Why should we care? Because market values are crowding out civic practices. In a world where advertising is now permitted on school buses, where a multinational corporation can buy access to school lunches, where an MP in Ottawa can contemplate selling naming rights to the Parliament Buildings, (the LuLu Lemon Centre Block, perhaps), we have changed from a market economy (a useful way of organizing trade) to a market society, a place where everything is for sale.
Advertising may not create Aristotle’s insatiability, but it exploits it without scruple. As an advertising man himself put it, “It is the organized creation of dissatisfaction.”
So we should treat advertising as we treat, or should treat, any other pollutant. Don’t ban it outright – some advertising serves a useful purpose. But cap and trade is a good mechanism. Tradable advertising permits could be sold and managed by an Airwaves Trust, which would set caps on total mind-trespass, while ensuring that no permits were sold for advertising aimed at children, up to and including “naming rights” to their lunchrooms. (Sweden, as an example, already bans advertising to children). The money from those sales could be funneled to creative artists, or, if you think artists already have too much money, into any other worthy endeavor you like.
Probably not a tax scam.
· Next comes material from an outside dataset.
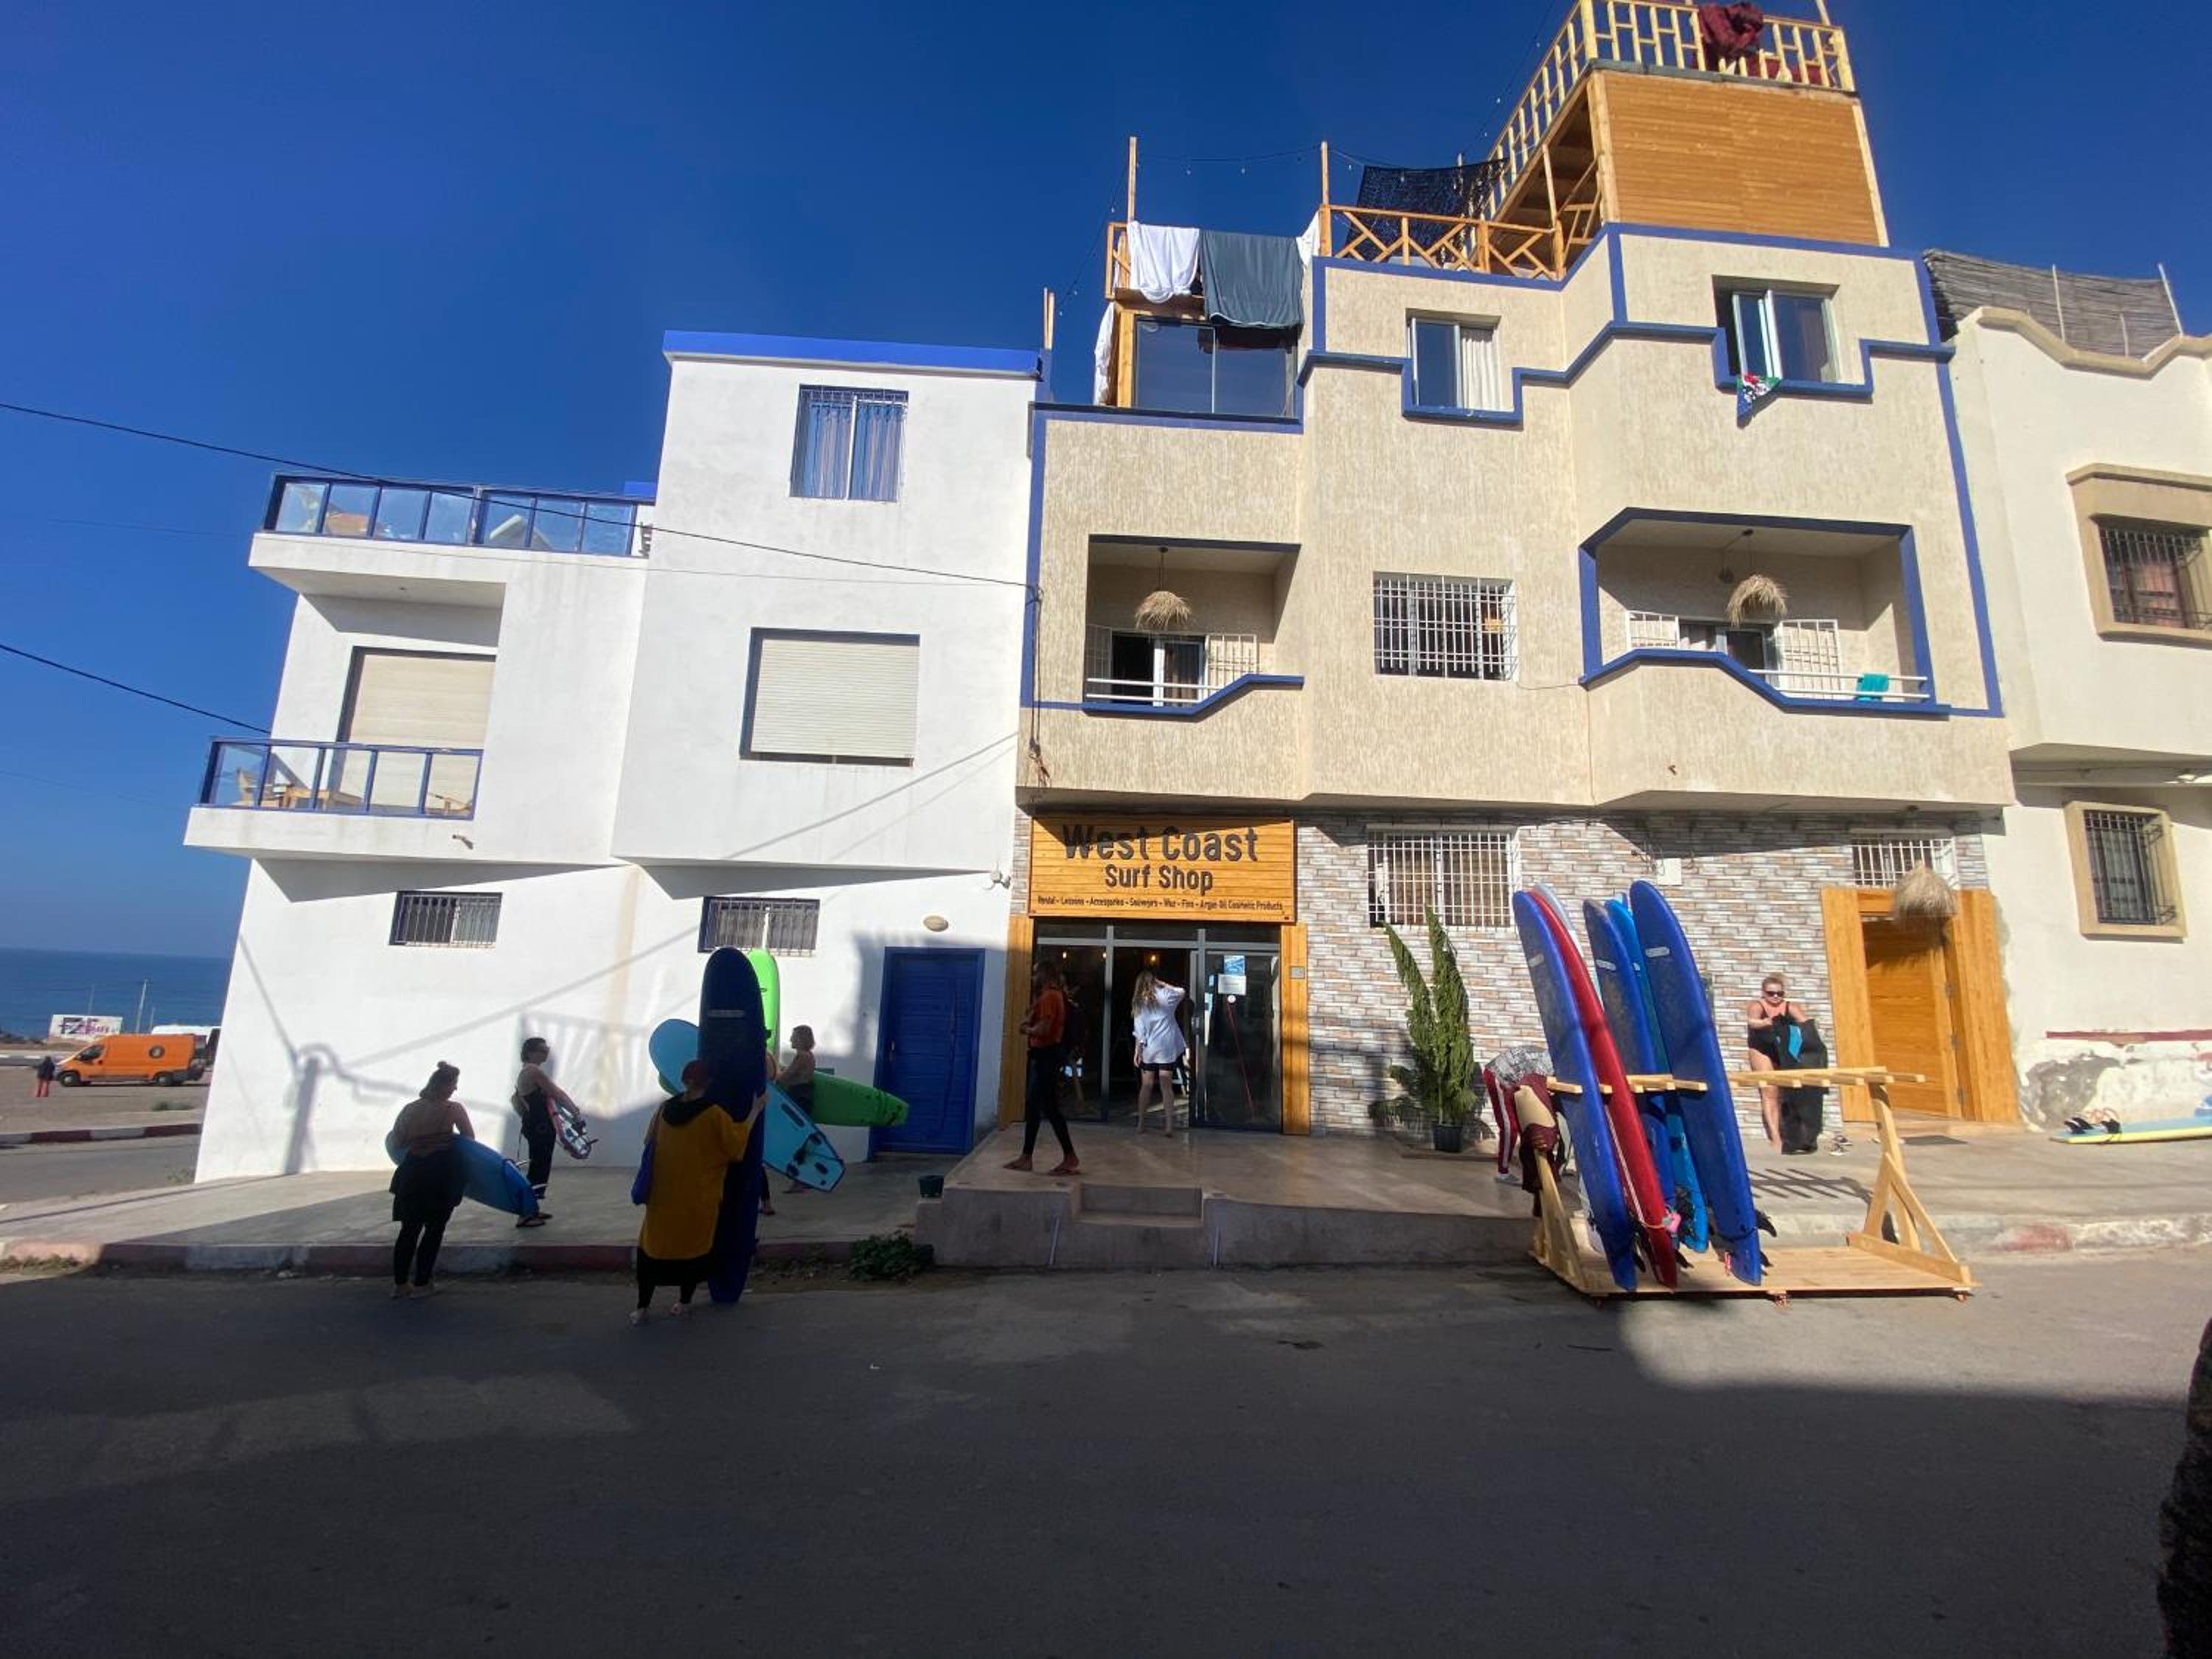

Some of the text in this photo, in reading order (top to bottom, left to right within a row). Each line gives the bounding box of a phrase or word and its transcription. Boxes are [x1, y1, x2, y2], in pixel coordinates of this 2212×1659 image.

[1062, 825, 1258, 862] West Coast
[1105, 863, 1214, 896] Surf Shop
[1256, 900, 1283, 911] Products
Sorry to disappoint you Tim. http://www.theglobeandmail.com/globe-investor/personal-finance/household-finances/guilt-giving-will-you-cave-at-the-register/article1319621/?service=mobile
Fair enough, but it’s still trying to pry money out of me. Like some of the people in the article, I’ve asked the annoying questions: What are they going to do with the money? How much goes to administration, and how much to the charities’ programs? What does the executive of the charity get paid?
These are all the sorts of things I research before donating to charity. And of course the clerk has no idea.
Anymore I just say “Oh, god no. I hate that charity,” and leave it at that.
Thanks for posting the charming Ode to Hubble video – what an incredibly moving little work this is!
>>”explain how the university can exceed the three percent tuition increase cap in future years.”
My understanding from when the bill first came out and it was written about was that the universities could decide on an increase for THIS year w/o restriction that they could then spread over subsequent years. This would allow them to exceed the cap next year (but only if it was decided on THIS year).